Reinforcing these arguments that we are winning, Martin van Creveld, a military historian at
the Hebrew University of Jerusalem and the author of The Transformation of War relates, "Usama
bin Ladin is almost irrelevant, from an operational point of view. This is one reason why he has to
keep releasing videos."57 Bin Ladin has released 24 recorded messages between 9/11 and the fifth
anniversary of the attack. Further, Caleb Carr, a history professor at Bard College and the author of
The Lessons of Terror, decrees, "They [al Qa’eda] already were a global philosophy, but they used
to have a command structure too.
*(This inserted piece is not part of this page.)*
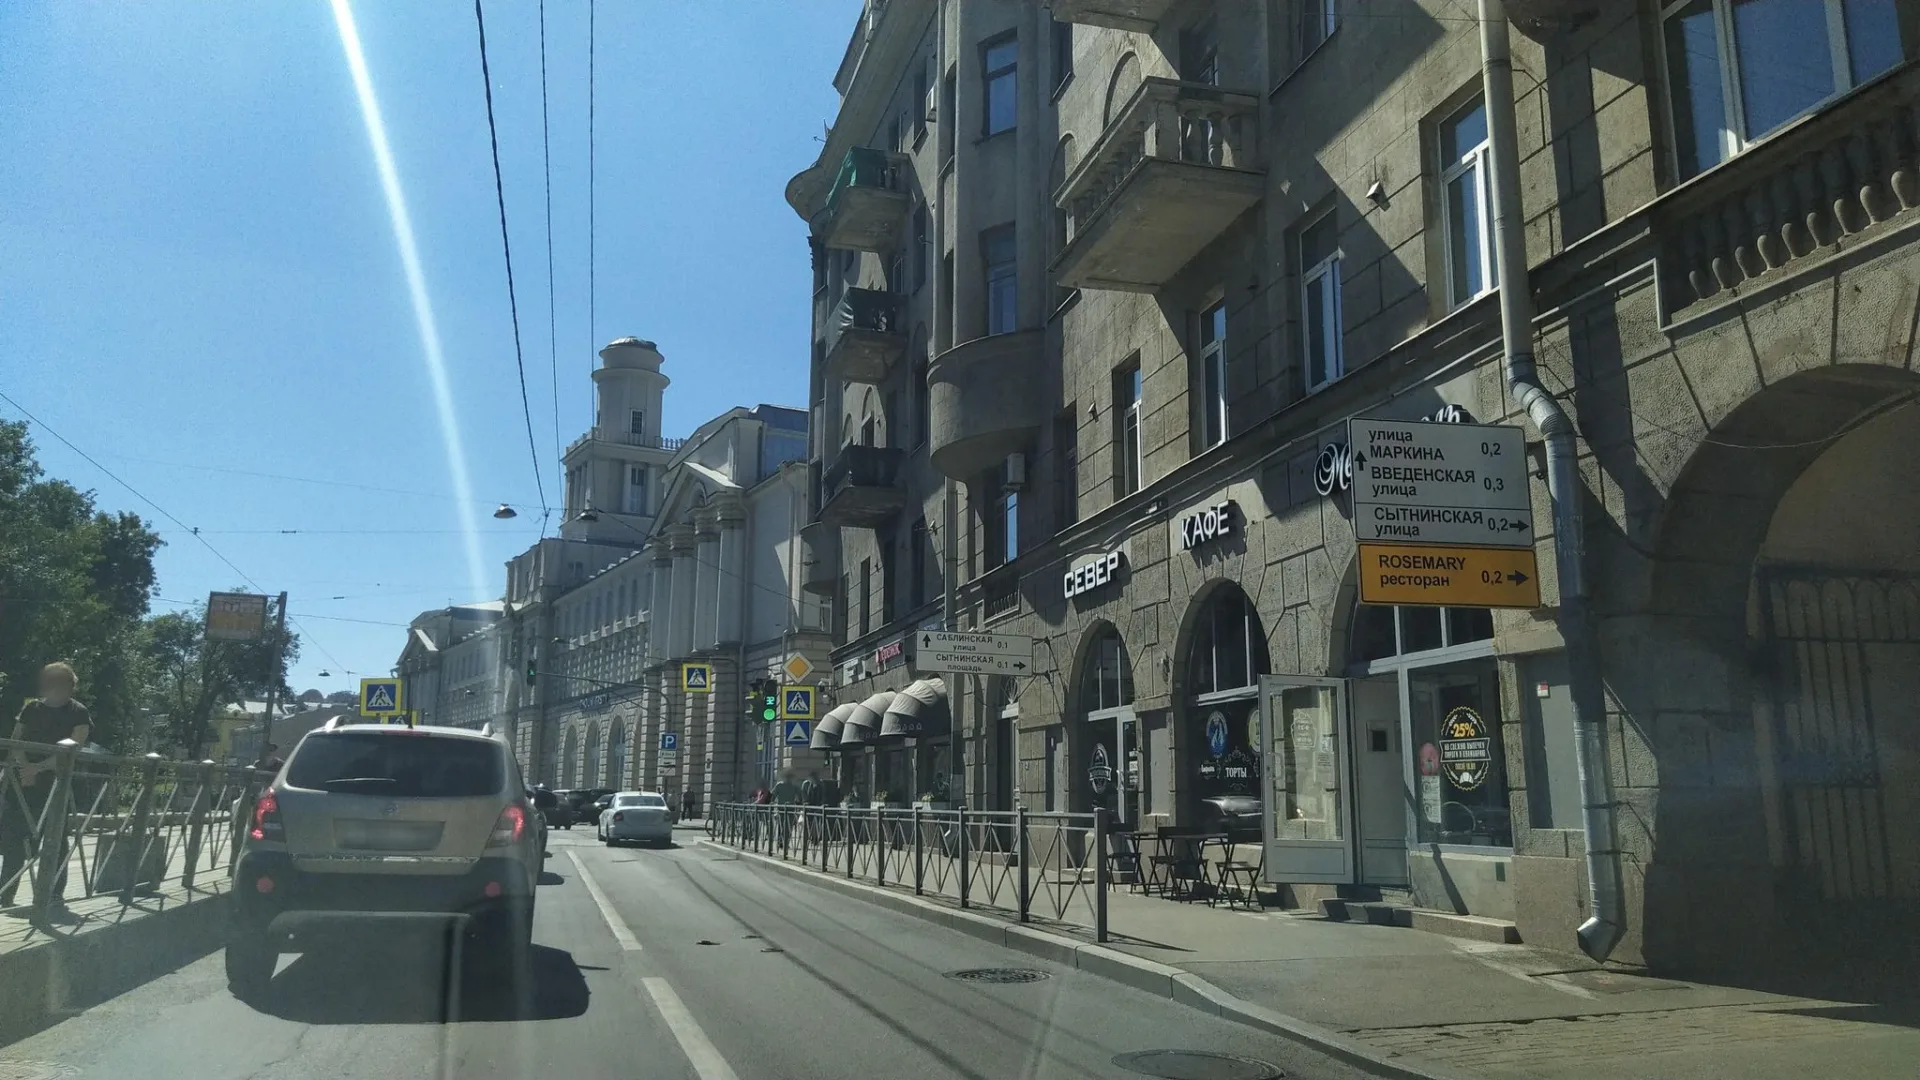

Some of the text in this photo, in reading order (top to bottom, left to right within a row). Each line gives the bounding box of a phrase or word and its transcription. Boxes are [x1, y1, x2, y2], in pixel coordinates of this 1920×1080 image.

It's like the difference between Marxism and Leninism, and
they're back to just being Marx."58
Regarding the loss of sanctuary, Marc Sageman, author of Understanding Terror Networks
notes, “before 9/11, people attracted to the terrorist cause could come to Afghanistan for
camaraderie, indoctrination, and specific operational training. "Now you can't find al-Qaeda, so it's
difficult to join them, people have to figure out what to do on their own."59 Segman further points
out, “The other part of a battle of ideas is the ability to offer a positive vision, and there al-Qaeda's
15
failure has been complete,” and the shift to…successor groups has made it significantly harder for
terrorists of any provenance to achieve what all of them would like: a "second 9/11," a large-scale
attack on the U.S. mainland that would kill hundreds or thousands of people and terrorize hundreds
of millions.”60
Perhaps most importantly, according to Fallows, the experts are convinced the "nothing will
ever top 9/11," with the obvious exception of terrorists getting hold of a nuclear weapon. But, as he
points out, this is far harder and less likely than the public assumes. For a big, coordinated, nonnuclear attack, "the number of people involved is substantial, the lead time is long, the degree of
coordination is great, and the specific skills you need are considerable. It's not realistic for al-Qaeda
anymore."61 The irony is that al Qa’eda remains focused on spectacular attacks, when smaller
economic targeting would potentially achieve far greater effects in the long term. These softer
targets are more vulnerable and can produce greater cumulative damage.62
What is to be Done - Thoughts on The Way Ahead
Overall, our strategy and approach to countering the Salafi-Jihadist Islamist transnational
terrorism threat is sound, with the exception of our Freedom and democracy agenda. Regarding the
freedom agenda, we must slow the velocity of change in traditional societies. This agenda is
threatening and potentially destabilizing in itself. The freedom agenda is threatening and reduces
international support from regional allies, as well as the critical support of the Islamic masses.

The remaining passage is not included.